— Your goal —
An exact copy of the records below is needed, with every picture left out.

— Study material —
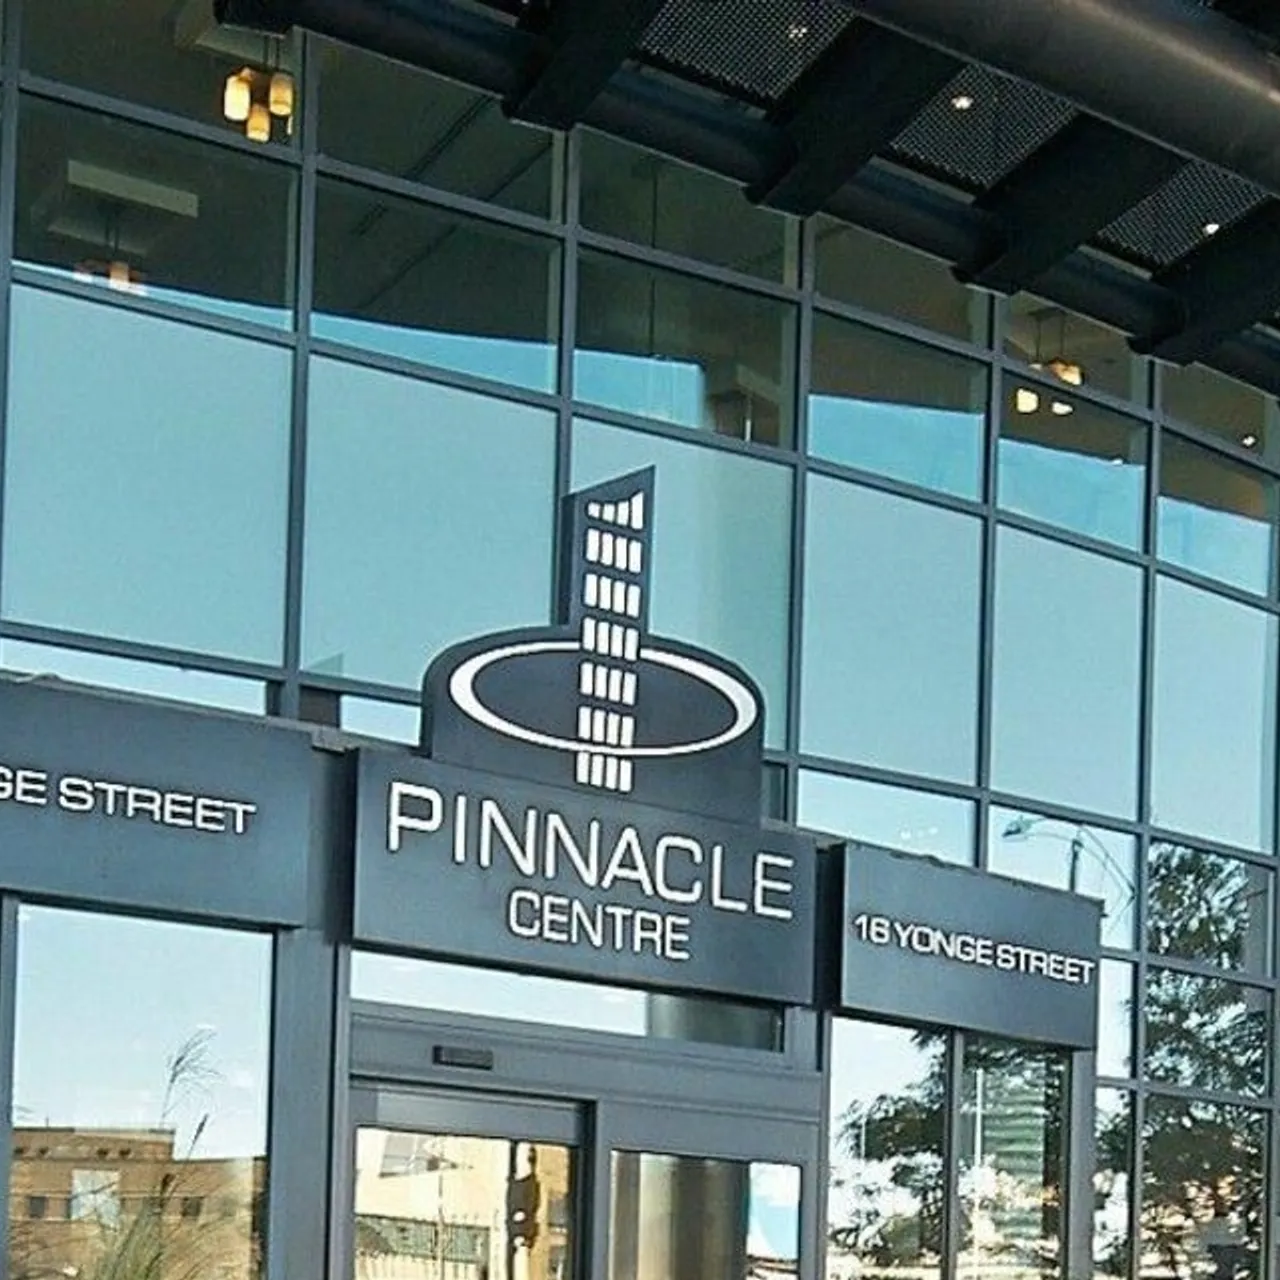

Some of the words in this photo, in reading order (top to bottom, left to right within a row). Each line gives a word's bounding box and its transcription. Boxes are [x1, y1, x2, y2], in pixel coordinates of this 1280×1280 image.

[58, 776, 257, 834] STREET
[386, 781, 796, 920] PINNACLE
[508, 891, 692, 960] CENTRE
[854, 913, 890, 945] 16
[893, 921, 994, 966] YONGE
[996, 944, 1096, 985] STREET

— Exercise solution —
Some of the words in this photo, in reading order (top to bottom, left to right within a row). Each line gives a word's bounding box and its transcription. Boxes are [x1, y1, x2, y2], in pixel coordinates of this 1280×1280 image.

[58, 776, 257, 834] STREET
[386, 781, 796, 920] PINNACLE
[508, 891, 692, 960] CENTRE
[854, 913, 890, 945] 16
[893, 921, 994, 966] YONGE
[996, 944, 1096, 985] STREET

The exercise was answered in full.